Kaçtığımız gün ne denli genç, ne kadar canlıydık. Karanlık, boğucu, sıkıcı odadan kurtulup güneye doğru yol alan otobüste nasıl da mutluyduk ama göstermiyorduk. Pencere kenarına oturmuş, gördüğümüz her şeyden ürkerek, sessizce çevreyi seyrediyorduk. Özgürlük. Bundan daha güzel bir sözcük olabilir mi? Belki ölümün soğuk elleri buraya kadar uzanıp bizleri çekip götürebilirdi, ama Tanrı’nın yanı başımızda olup bizi kolladığına inanmaya başlamıştık. Otobüs sık sık durup yolcu indirip bindirdikçe, sinirlerimiz geriliyordu. Üstelik çay molaları için de duruyorduk. Anayola bağlanan toprak patikanın kenarında bekleyen siyah giysili iriyan kadını almak için epey bekledik. Elindeki bir sürü paketle otobüse binmesi çok zaman aldı doğrusu. En sonunda yerine yerleşti ve biz de Virginia ile Kuzey Carolina’yı ayıran eyalet sınırını geçtik. Kilit altında bulunduğumuz eyaletten çıkmak öylesine rahatlatmıştı ki beni, yıllardan beri ilk kez gevşediğimi hissediyordum. Otobüsün en genç yolcuları üçümüzdük. On yedi yaşındaki Chris omuzlarına kadar men dalgalı sarı saçları. koyu renk kirpikli, güneşli gökyüzünü andıran masmavi gözleriyle çok yakışıklıydı. Tüm kadınların yüreklerini hoplatacak kadar yakışıklı olduğunu rahatça söyleyebilirdim.

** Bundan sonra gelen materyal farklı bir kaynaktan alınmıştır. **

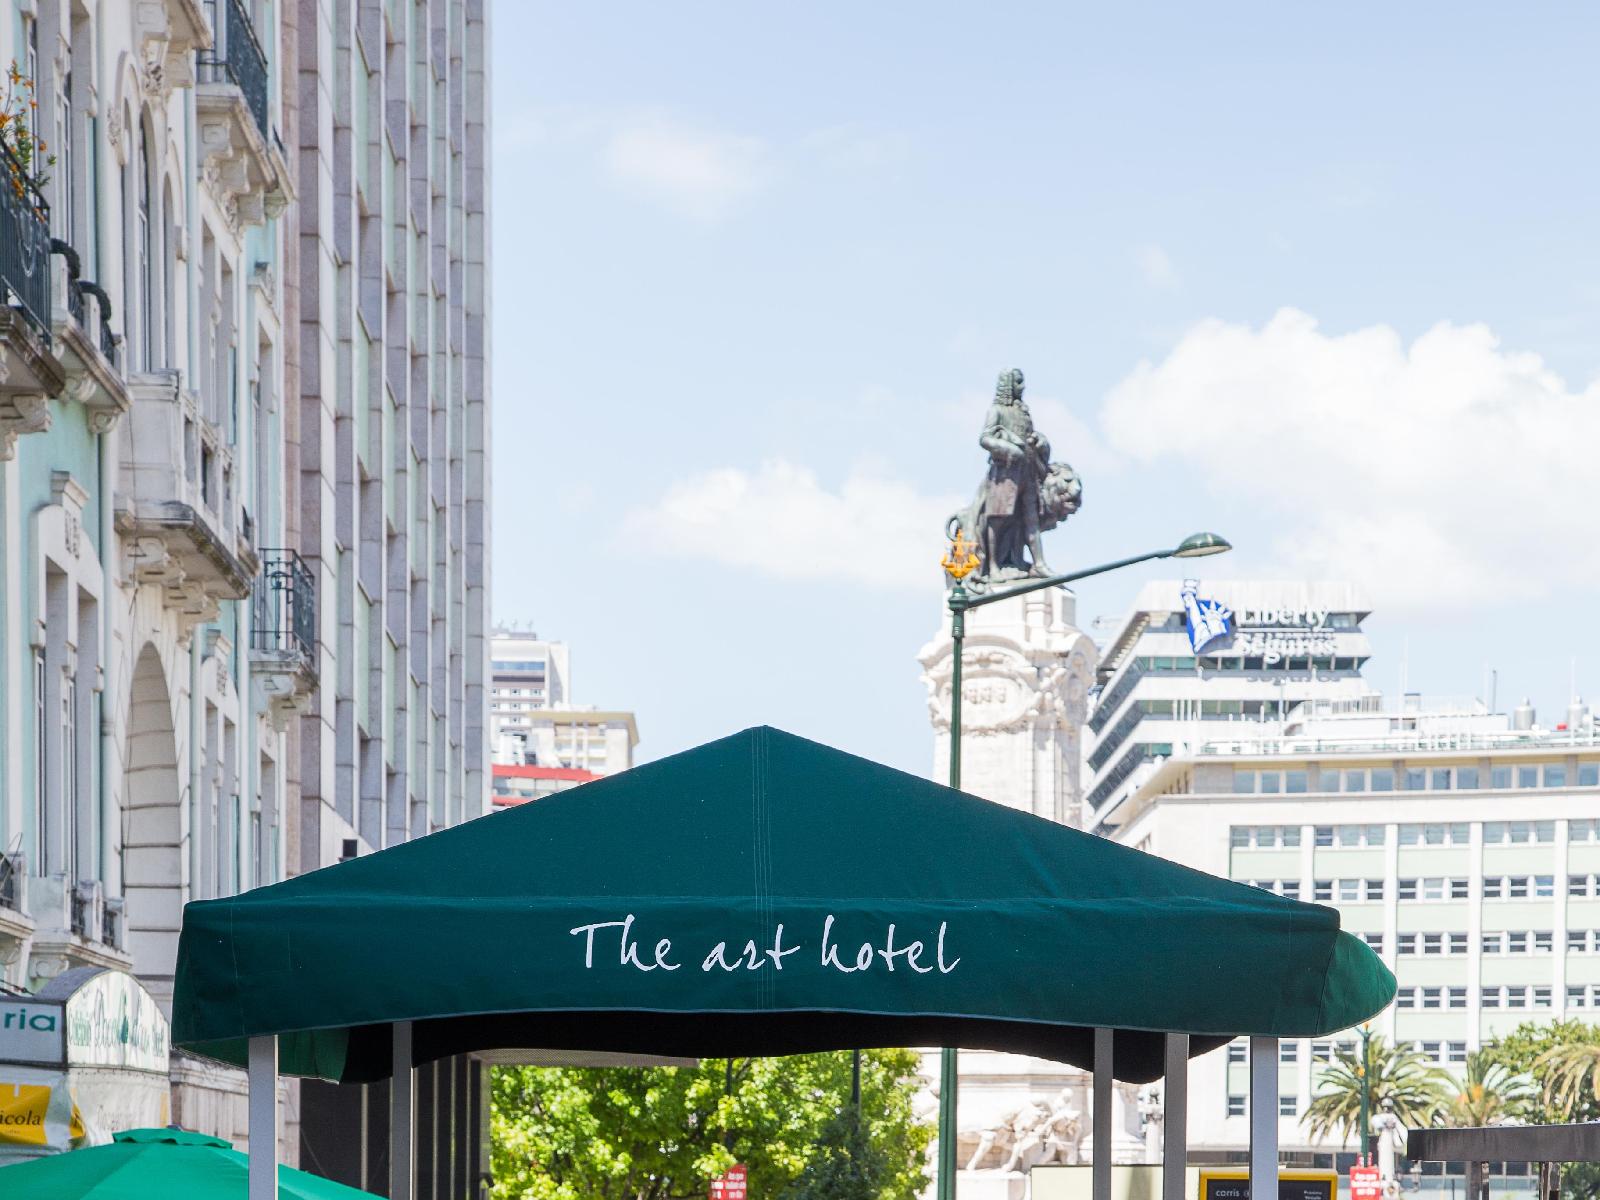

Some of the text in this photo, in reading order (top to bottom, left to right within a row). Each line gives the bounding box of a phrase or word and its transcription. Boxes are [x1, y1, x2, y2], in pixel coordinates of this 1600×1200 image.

Durumumuzun kötülüğüne karşın, güleç bir ifadeyle oturmayı başarıyordu. Gözleri, kucağımda oturan Car-rie’ye takılmadığı zaman, mutlulukla pırıl pırıldı. Küçük kardeşimizin soluk hasta yüzünü görünce, bakışları endişeyle kararıyor, kaşları çatılıyordu. Omzuna asılı gitara uzanıp melankolik bir sesle «Oh Susannah» adlı parçayı söylemeye başladı. Göz göze gelince şarkının buruk anılarıyla dolduk. İkimiz bir tek insan gibiydik. Ağlamaktan çekindiğim için uzun süre bakamıyordum yüzüne. Kucağıma yerleşmiş olan küçük Carrie üç yaşında kadar gösteriyordu ama sekizine basmıştı. Acınacak denli ufak tefek ve zayıftı. Gölgeli, iri mavi gözlerinde onun yaşında bir çocuğun tanımaması gereken karanlık gizler ve acılar okunuyordu. Hayattan ne sevgi, ne mutluluk bekliyordu artık. Sevdiği her şeyi yitirmişti. Ruhsal açıdan öylesine zayıf düşmüştü ki, ölmeyi bile umursamadığım hissediyordum. Cory aramızdan ayrıldığından beri duyduğu yalnızlığı çok iyi anlayabiliyordum. 1960 yılının kasım ayındaydık ve ben on beş yaşındaydım.

Her şeye sahip olmak istiyor ve yitirdiklerimi yerine koymaya zamanım olmayacağından korkuyordum. Öylesine gerilmişti ki sinirlerim, bir aksilik daha olursa, çığlık atmaya hazır, diken üstünde oturuyordum. Kurulu bir saatli bomba gibi zamanı gelince patlayıp Foxworth Malikânesinde yaşayanların başına inecektim! Aklımdan geçenleri okumuş gibi Chris uzanıp elimi tuttu. Bizi mahvedenlerin yaşamlarını cehenneme çevireceğimi anlamıştı sanki. Alçak sesle söze başladı. «Böyle durma, Cathy. Her şey düzelecek. Başaracağız göreceksin!» Olup biten her şeye karşın iyimserliğini yitirmemişti hâlâ. Cory’nin ölümünden sonra bile durumumuzun düzeleceğine nasıl inanabiliyordu? «Cathy,» diye fısıldadı. «Elimizden geleni yapmak zorundayız. Birbirimizden başka kimsemiz yok. Olanları kabul etmek ve bundan sonrasını düşünmek zorundayız. Kendimize inanırsak, yeteneklerimizi geliştirerek istediklerimizi elde edebiliriz. Emin ol, güzel günler bizi bekliyor.» Günlerini dertli insanların arasında geçirecek iç sıkıcı bir doktor olmak istiyordu hep.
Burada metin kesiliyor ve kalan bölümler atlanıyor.